Shoga, or Picture and Calligraphic Works: Decorative yet Delicate
Calligraphy retains an enchanting and mysterious spirit. When one sees the original handwritten characters on paper from many centuries ago, one would be in contact with the sophistication of the author and the period. Especially, in the ideographic characters, we can feel the beating pulse of “forms” that our predecessors, merely a part of the whole creation of nature from the past, made enormous efforts to tame the awe-inspiring wild gods of nature and captured their shapes within the works that survive. Only on a few occasions does the huge gap between mere text and works of art surprises one, when a simple theory stating, “Calligraphy and painting have the same origin” is argued for modern Japanese paintings.

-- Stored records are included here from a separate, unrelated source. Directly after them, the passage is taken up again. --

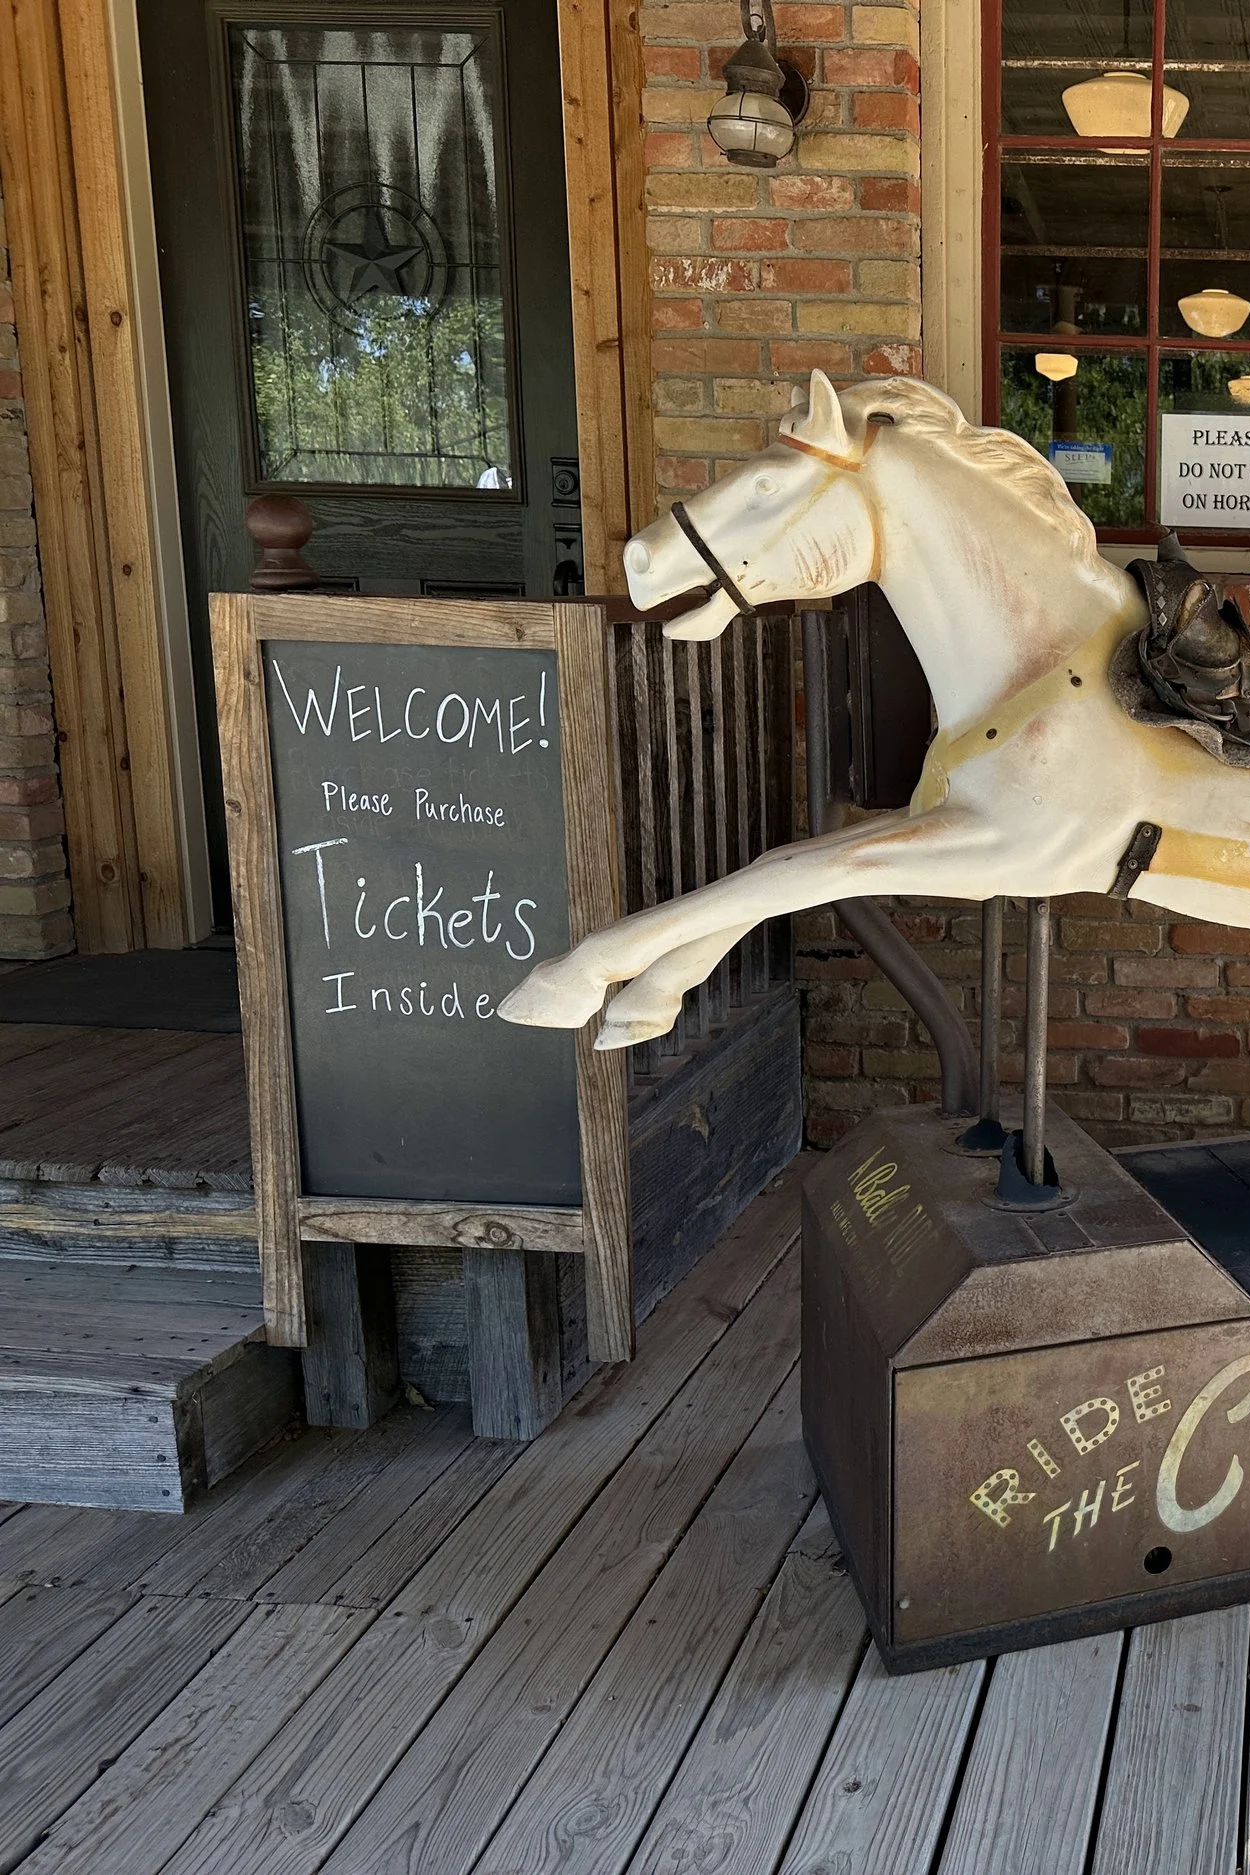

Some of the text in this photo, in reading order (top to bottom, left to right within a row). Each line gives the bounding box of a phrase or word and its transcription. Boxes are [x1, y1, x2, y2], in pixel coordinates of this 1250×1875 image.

[1179, 462, 1203, 478] DO
[1209, 463, 1247, 479] NOT
[1182, 493, 1207, 510] ON
[272, 659, 550, 755] WELCOME!
[321, 780, 393, 816] Please
[415, 787, 505, 828] Purchase
[291, 837, 537, 961] Tickets
[322, 972, 500, 1019] Inside
[968, 1364, 1173, 1529] RIDE
[1042, 1459, 1141, 1552] THE

Masamichi Kotaki’s past works invigorate the beauty of Japanese style seen in traditional Japanese paintings and calligraphy, as a possibility for contemporary Japanese art. The title of his series of works “Not Point, Not Line” reflects that Kotaki’s art does not stand on the fundamental structure of Western paintings. Lines and dots reminds us of the kana or sosho characters that stream out from strokes of his brush, and his own pictorial space mingled in the earth expressing the effect of water with watercolors, sumi and other materials. Kotaki is often categorized as “new Japanese paintings” due to his age. Yet, if an acceptable reason for the systematic classification lies in the traditional materials the artist uses, unlike most artists, Kotaki’s creativity is sincere. He paints with acrylic and sumi along with choosing from various kinds of washi, or Japanese paper, to cotton canvas.

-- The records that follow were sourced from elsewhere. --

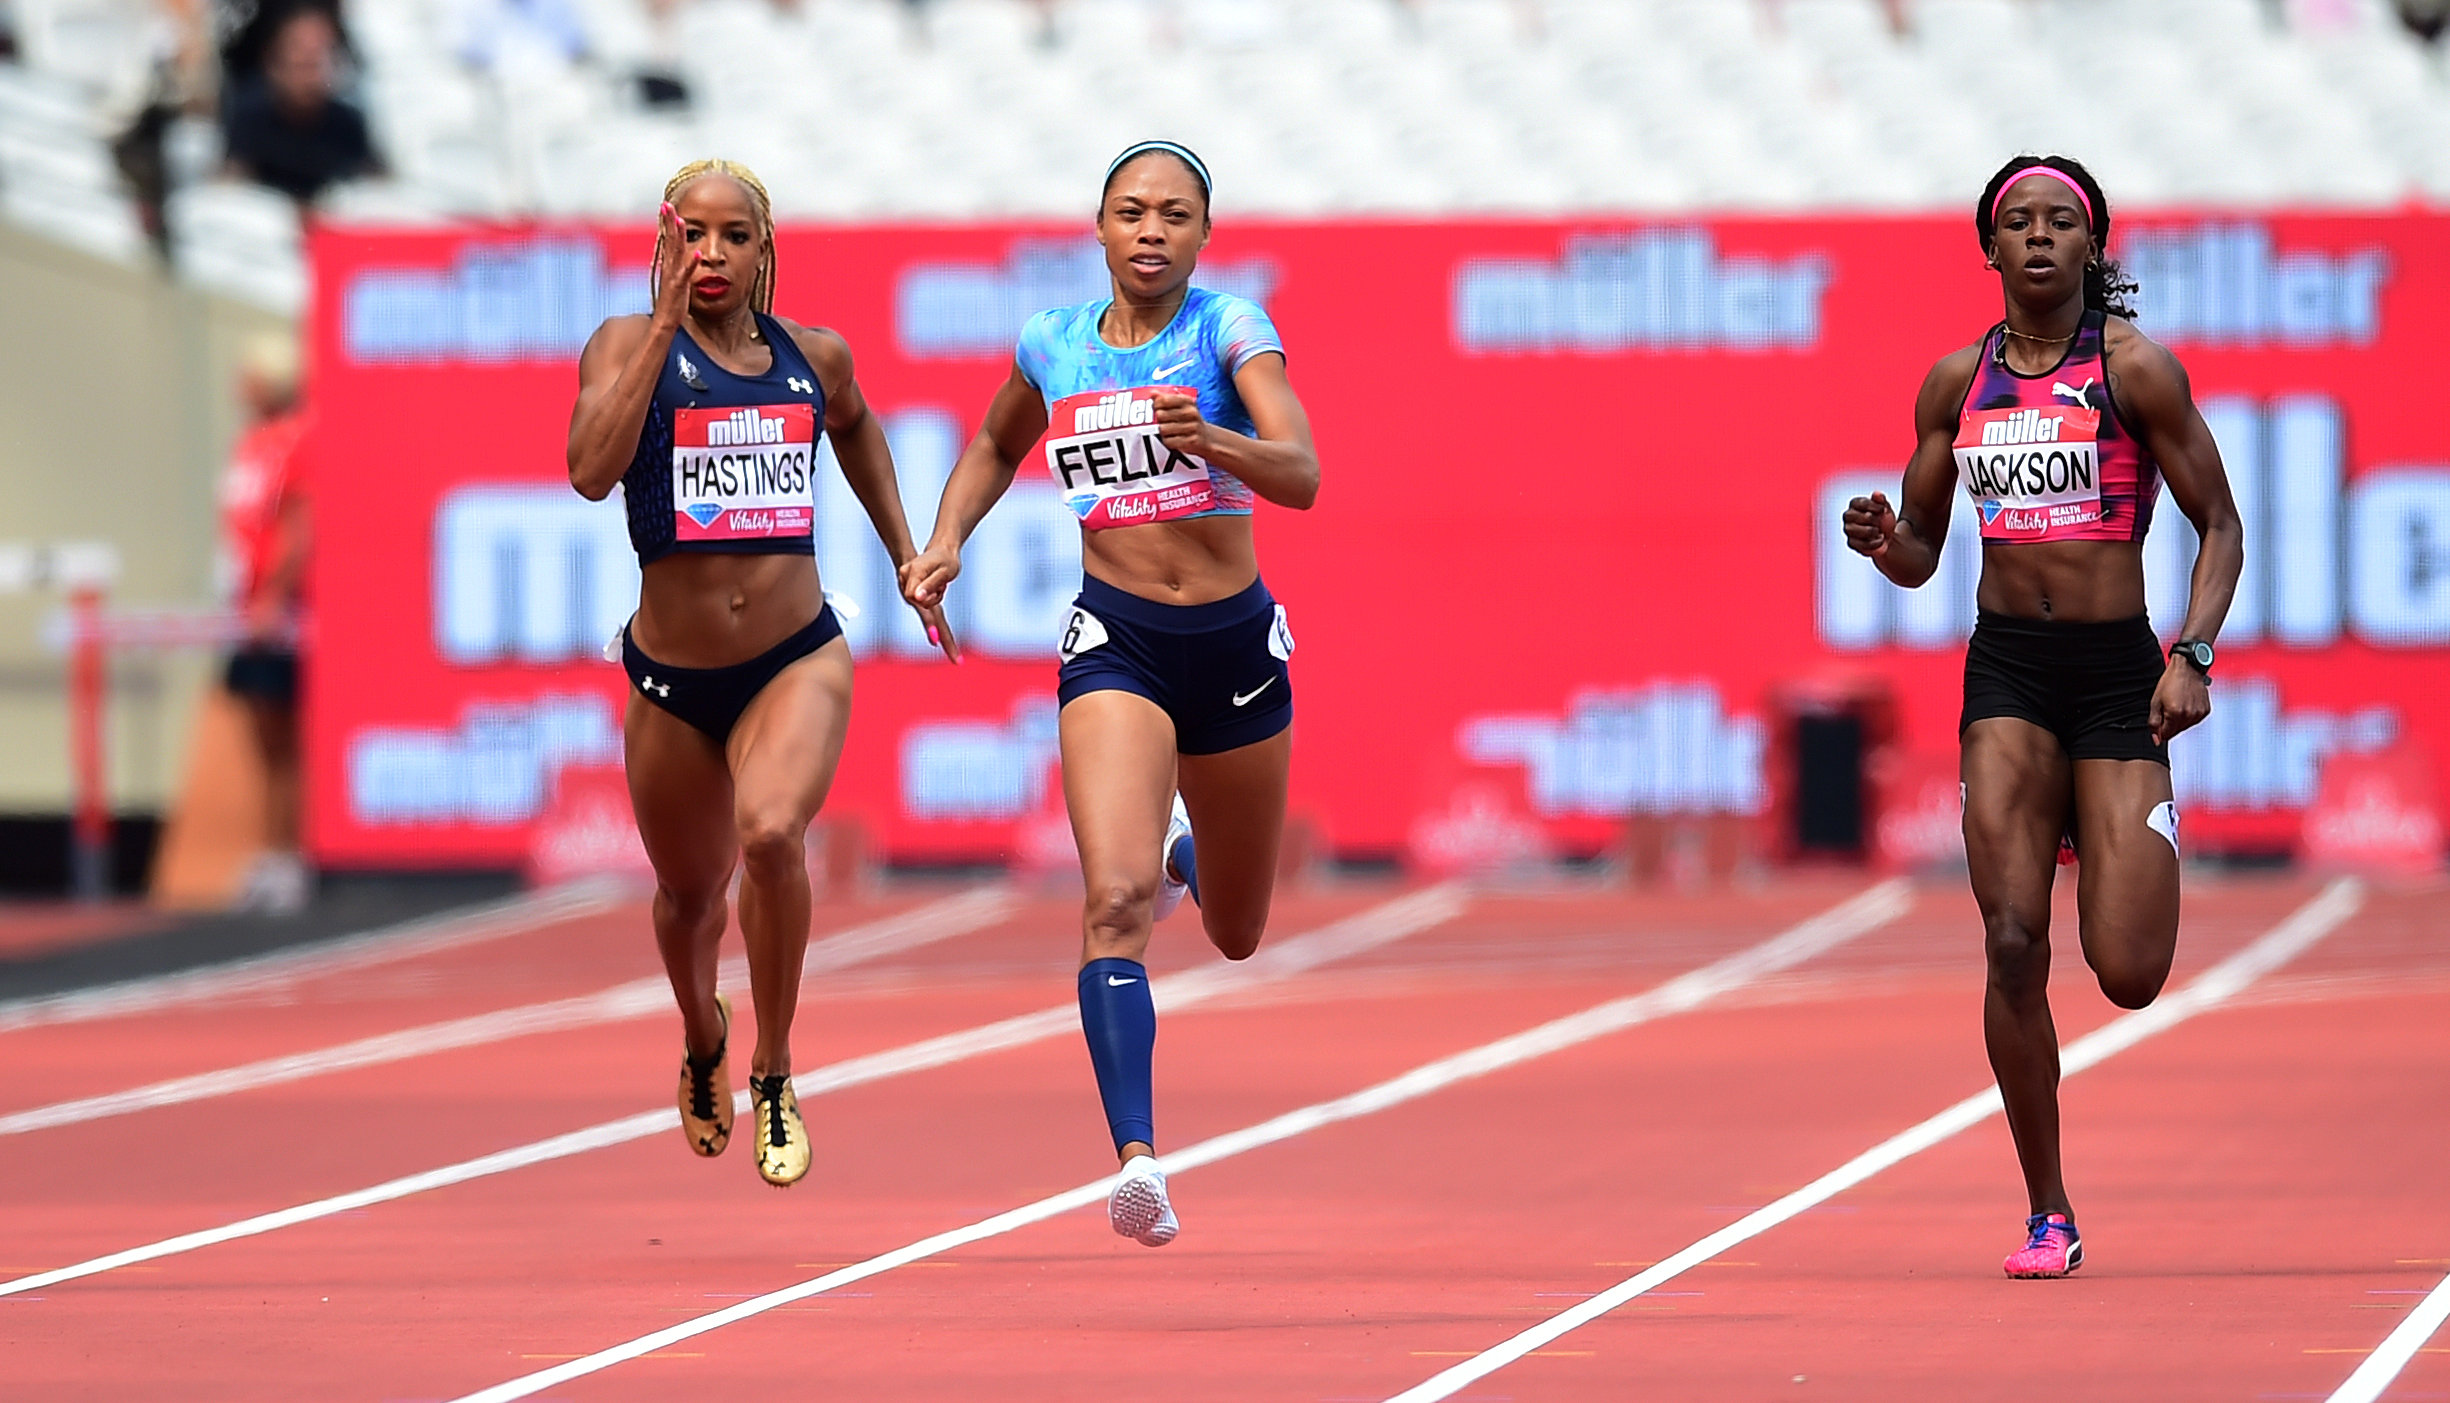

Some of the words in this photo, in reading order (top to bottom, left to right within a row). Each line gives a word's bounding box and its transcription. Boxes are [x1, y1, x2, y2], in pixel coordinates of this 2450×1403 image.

[708, 408, 786, 446] müller
[1981, 409, 2064, 446] müller
[682, 451, 805, 498] HASTINGS
[1055, 434, 1200, 489] FELIX
[1967, 450, 2092, 497] JACKSON
[1106, 496, 1158, 521] Vitality
[1157, 486, 1191, 502] HEALTH
[2049, 504, 2081, 517] HEALTH
[729, 509, 775, 536] Vitality
[2005, 508, 2048, 535] Vitality
[1062, 611, 1085, 654] 6

Additionally, his works reflect the style of shihon, picture and calligraphic works on paper, or saisen, card or letter with pictures, alluding to the Rinpa tradition. His works consciously express the decorative qualities of Japanese aesthetics. However, along with his skillfulness in using a variety of materials and techniques, the artist inevitably walks on a fine tightrope between artistic decorativeness and vulgar showiness. It should be the destiny of Japanese artists to develop their art that values refinement. The famous haiku poet Matsuo Basho suggested hosomi, a deep and sensitive flow of one’s mind, reminding the Japanese to be aware of this destiny. In his recent works, with an attempt to maintain his brush by running onto the backside of the picture base, Kotaki’s realization of his destiny is clearly reflected in his works.